Ali Haider, Wadas Jakub, Bendoumou Maryam, Chen Heng-Chang, Maiuri Paolo, Dutilleul Antoine, Selberg Simona, Nestola Lorena, Lalik Kamil, Avettand-Fenoël Veronique, Necsoi Coca, Marcello Alessandro, Kankuri Esko, Karelson Mati, De Wit Stéphane, Pyrc Krzysztof, Pasternak Alexander O, Van Lint Carine, Kula-Pacurar Anna
Laboratory of Molecular Virology, Malopolska Centre of Biotechnology, Jagiellonian University, Kraków, Poland.
Doctoral School of Exact and Natural Sciences, Jagiellonian University, Kraków, Poland.
Virol J. 2025 Apr 28;22(1):124. doi: 10.1186/s12985-025-02744-4.

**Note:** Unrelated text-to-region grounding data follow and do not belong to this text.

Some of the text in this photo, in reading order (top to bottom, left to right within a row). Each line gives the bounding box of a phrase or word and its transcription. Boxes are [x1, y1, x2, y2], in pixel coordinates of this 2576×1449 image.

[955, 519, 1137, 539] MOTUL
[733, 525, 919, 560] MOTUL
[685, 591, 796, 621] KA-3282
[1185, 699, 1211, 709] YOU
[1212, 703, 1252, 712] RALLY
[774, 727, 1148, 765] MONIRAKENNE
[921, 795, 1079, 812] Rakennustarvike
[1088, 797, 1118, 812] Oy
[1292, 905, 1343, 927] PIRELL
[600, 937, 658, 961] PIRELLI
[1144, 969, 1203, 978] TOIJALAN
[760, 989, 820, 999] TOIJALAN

Current latency-reversing agents (LRAs) employed in the "shock-and-kill" strategy primarily focus on relieving epigenetic and transcriptional blocks to reactivate the latent HIV-1. However, their clinical efficacy is limited, partly due to their inability to fully reverse latency and the lack of LRAs specifically targeting post-transcriptional mechanisms. N6-methyladenosine (mA) modification in HIV-1 RNA is emerging as an important post-transcriptional regulator of HIV-1 gene expression, yet its role in latency and reactivation remains largely unrecognized. Here, we explored the potential of small chemical compounds targeting the mA pathway, specifically investigating the inhibition of ALKBH5 and its effect on latent HIV-1 reactivation mediated by the LRA romidepsin.

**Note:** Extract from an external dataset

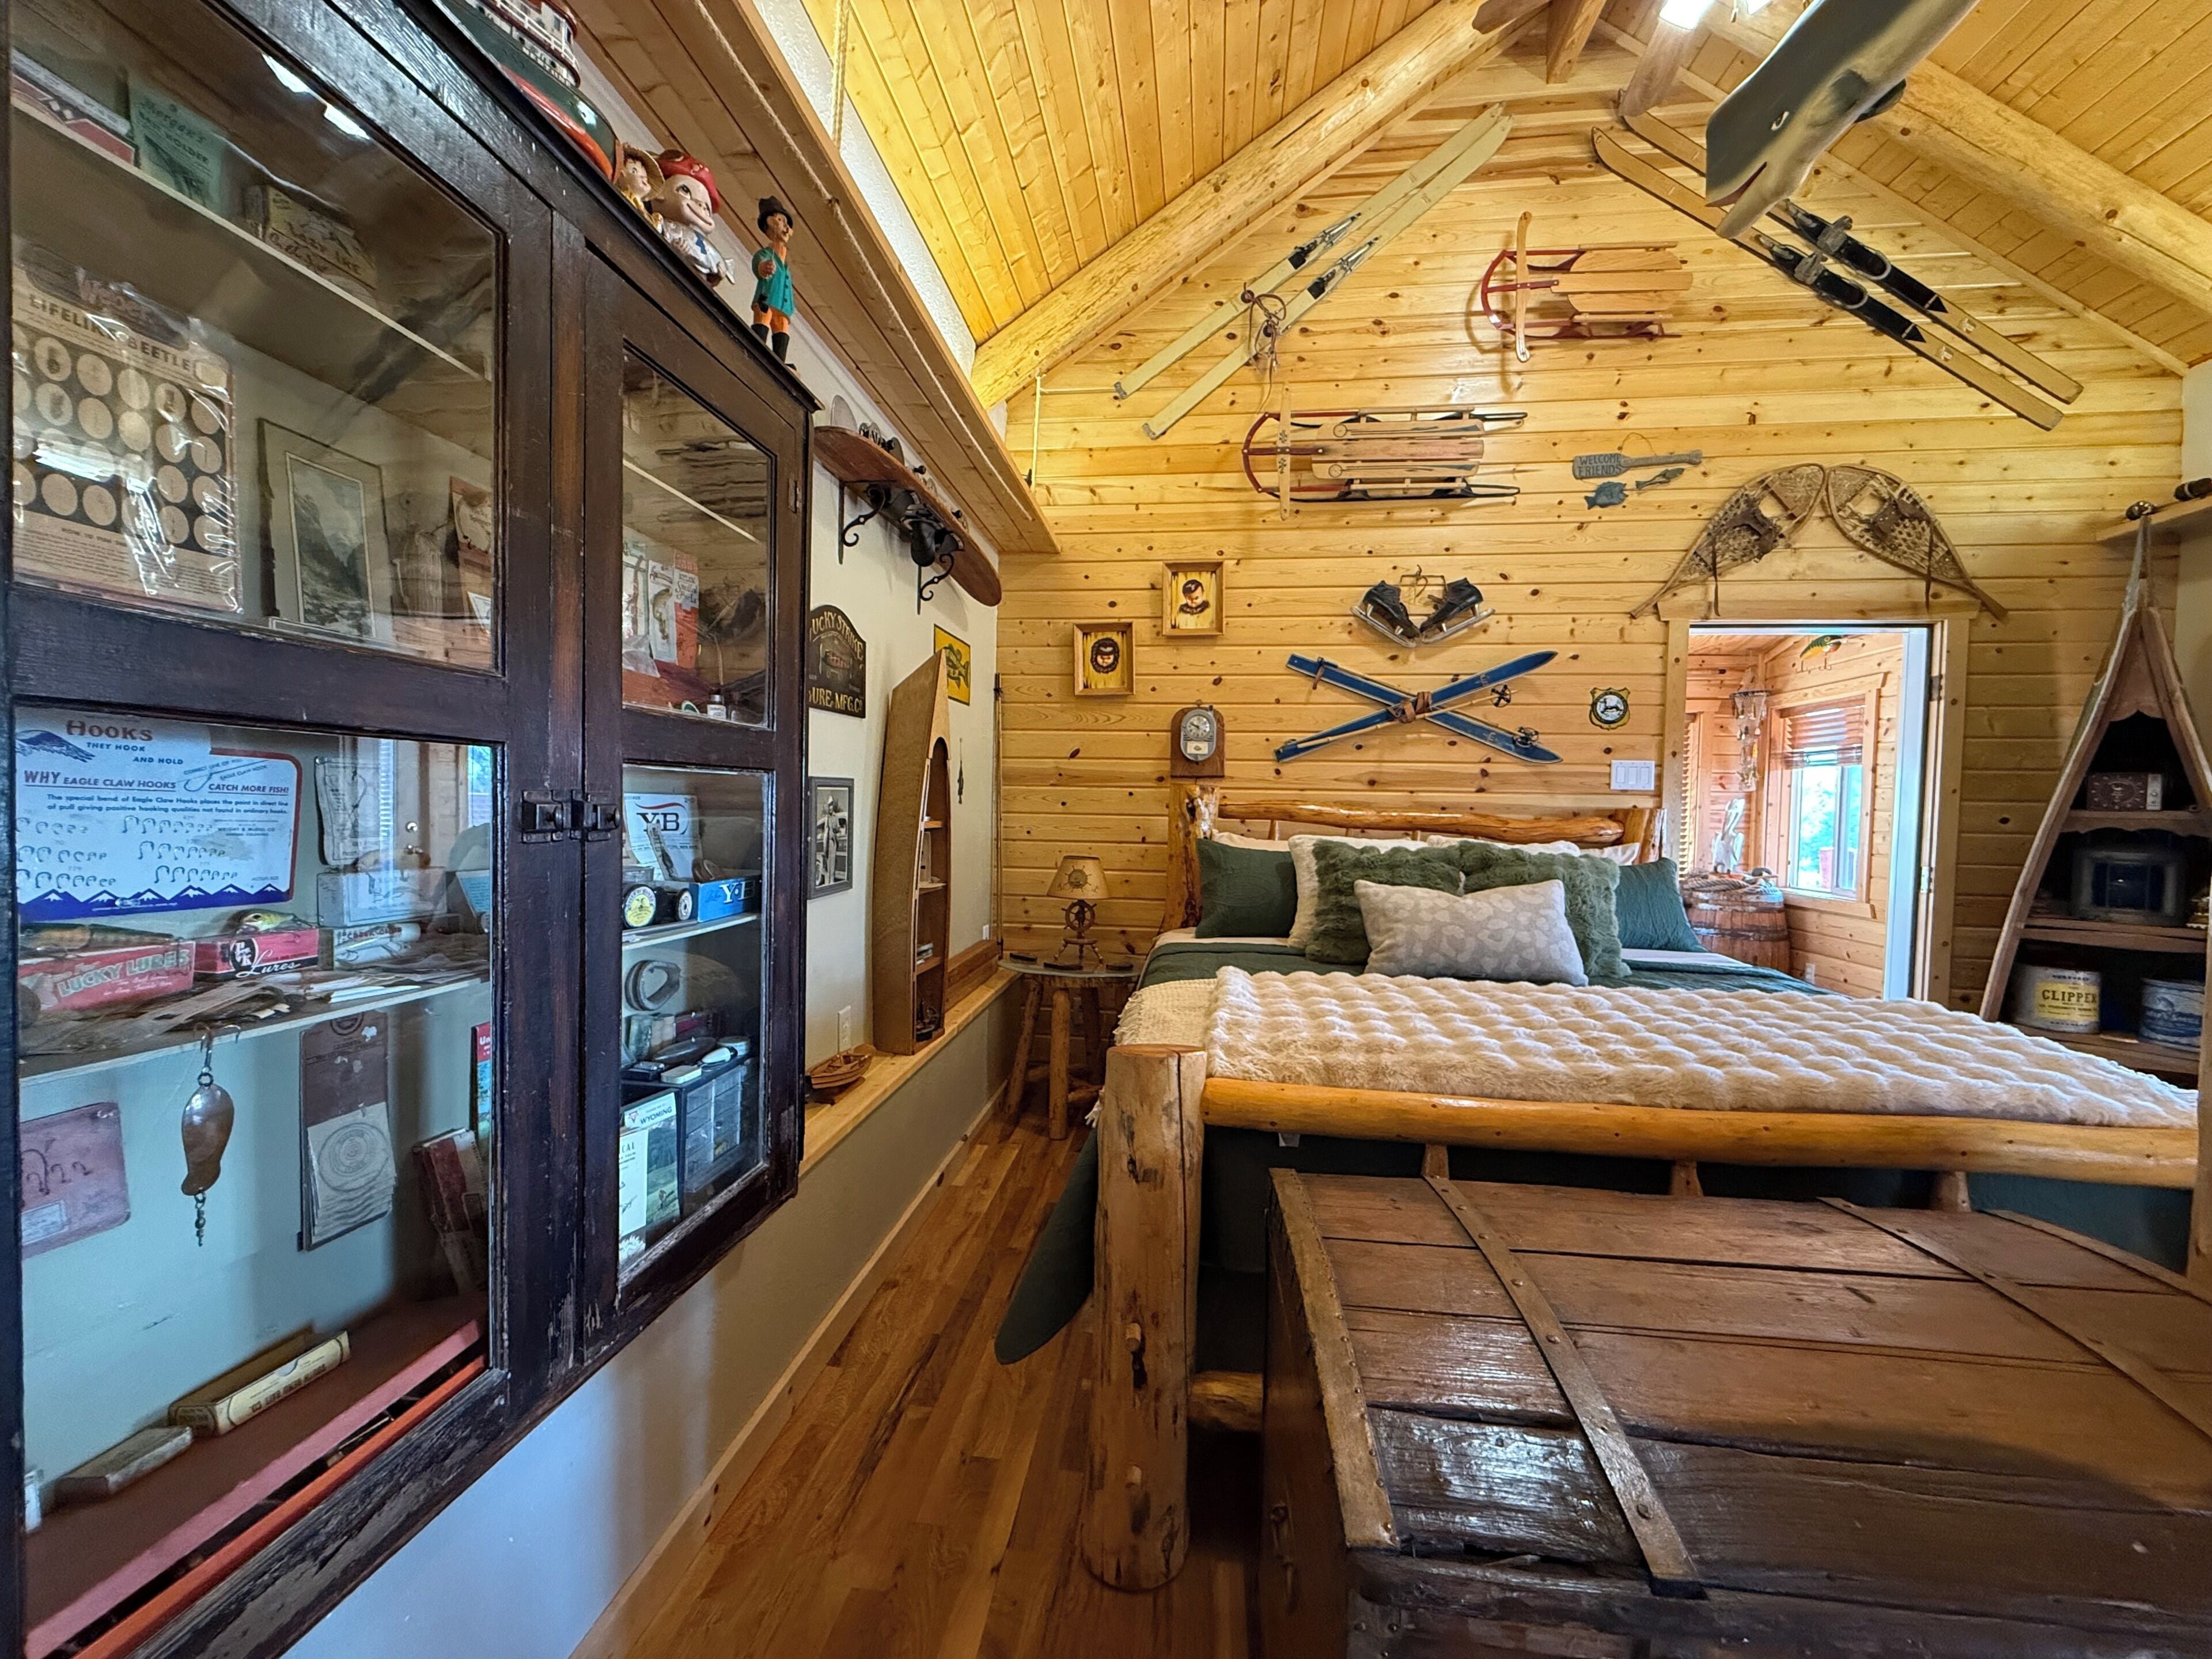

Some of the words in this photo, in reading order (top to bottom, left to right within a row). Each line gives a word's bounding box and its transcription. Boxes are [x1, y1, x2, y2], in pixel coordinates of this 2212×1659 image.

We used four in vitro cellular models of latency, primary model of CD4 T cells HIV-1 infection and ex vivo cultures of CD8-depleted PMBCs from ART-treated HIV patients. We measured latent viral reactivation by evaluating the expression of reporter protein GFP by flow cytometry, viral production by CA-p24 ELISA, and viral transcripts by RT-qPCR. CRISPR/Cas9 method was used to deplete ALKBH5. MeRIP and immuno-RNA FISH were used to address the mA methylation levels on HIV-1 RNA upon ALKBH5 inhibition.
We showed that ALKBH5 inhibitor 3 (ALKi-3) potentiated romidepsin-mediated viral reactivation in in vitro models of latency, primary model of CD4 T cells infected with HIV-1 as well as in ex vivo cultures of CD8-depleted PBMCs from ART-treated HIV patients. CRISPR/Cas9-mediated depletion of ALKBH5 mimicked the effects of ALKi-3. ALKi-3 increased levels of mA-methylated HIV-1 RNA as shown by meRIP and immuno-RNA FISH.
Our study provides a proof-of-concept for the modulation of the mA pathway in enhancing HIV-1 reactivation. This approach represents a promising adjunct to existing reactivation protocols and provides a concept of "dual-kick", aiming to target transcriptional and post-transcriptional steps in HIV-1 reactivation from latency.
目前“休克并杀死”策略中使用的潜伏期逆转剂(LRA)主要致力于缓解表观遗传和转录阻滞,以重新激活潜伏的HIV-1。然而,它们的临床疗效有限,部分原因是无法完全逆转潜伏期,且缺乏专门针对转录后机制的LRA。HIV-1 RNA中的N6-甲基腺苷(m⁶A)修饰正成为HIV-1基因表达的一种重要转录后调节因子,但其在潜伏期和再激活中的作用仍在很大程度上未被认识。在此,我们探索了靶向m⁶A途径的小分子化合物的潜力,特别研究了对ALKBH5的抑制及其对LRA罗米地辛介导的潜伏HIV-1再激活的影响。
我们使用了四种潜伏期的体外细胞模型、CD4 T细胞HIV-1感染的原代模型以及来自接受抗逆转录病毒治疗的HIV患者的CD8耗尽的外周血单核细胞(PBMC)的体外培养物。我们通过流式细胞术评估报告蛋白GFP的表达、通过CA-p24 ELISA检测病毒产生以及通过RT-qPCR检测病毒转录本来测量潜伏病毒的再激活。采用CRISPR/Cas9方法敲除ALKBH5。使用甲基化RNA免疫沉淀(MeRIP)和免疫RNA荧光原位杂交(immuno-RNA FISH)来研究抑制ALKBH5后HIV-1 RNA上的m⁶A甲基化水平。
我们发现,在潜伏期的体外模型、感染HIV-1的CD4 T细胞原代模型以及来自接受抗逆转录病毒治疗的HIV患者的CD8耗尽的PBMC体外培养物中,ALKBH5抑制剂3(ALKi-3)增强了罗米地辛介导的病毒再激活。CRISPR/Cas9介导的ALKBH5敲除模拟了ALKi-3的作用。如MeRIP和免疫RNA FISH所示,ALKi-3增加了m⁶A甲基化的HIV-1 RNA水平。
我们的研究为调节m⁶A途径以增强HIV-1再激活提供了概念验证。这种方法是现有再激活方案的一种有前景的辅助手段,并提供了一种“双敲除”概念,旨在针对HIV-1从潜伏期再激活的转录和转录后步骤。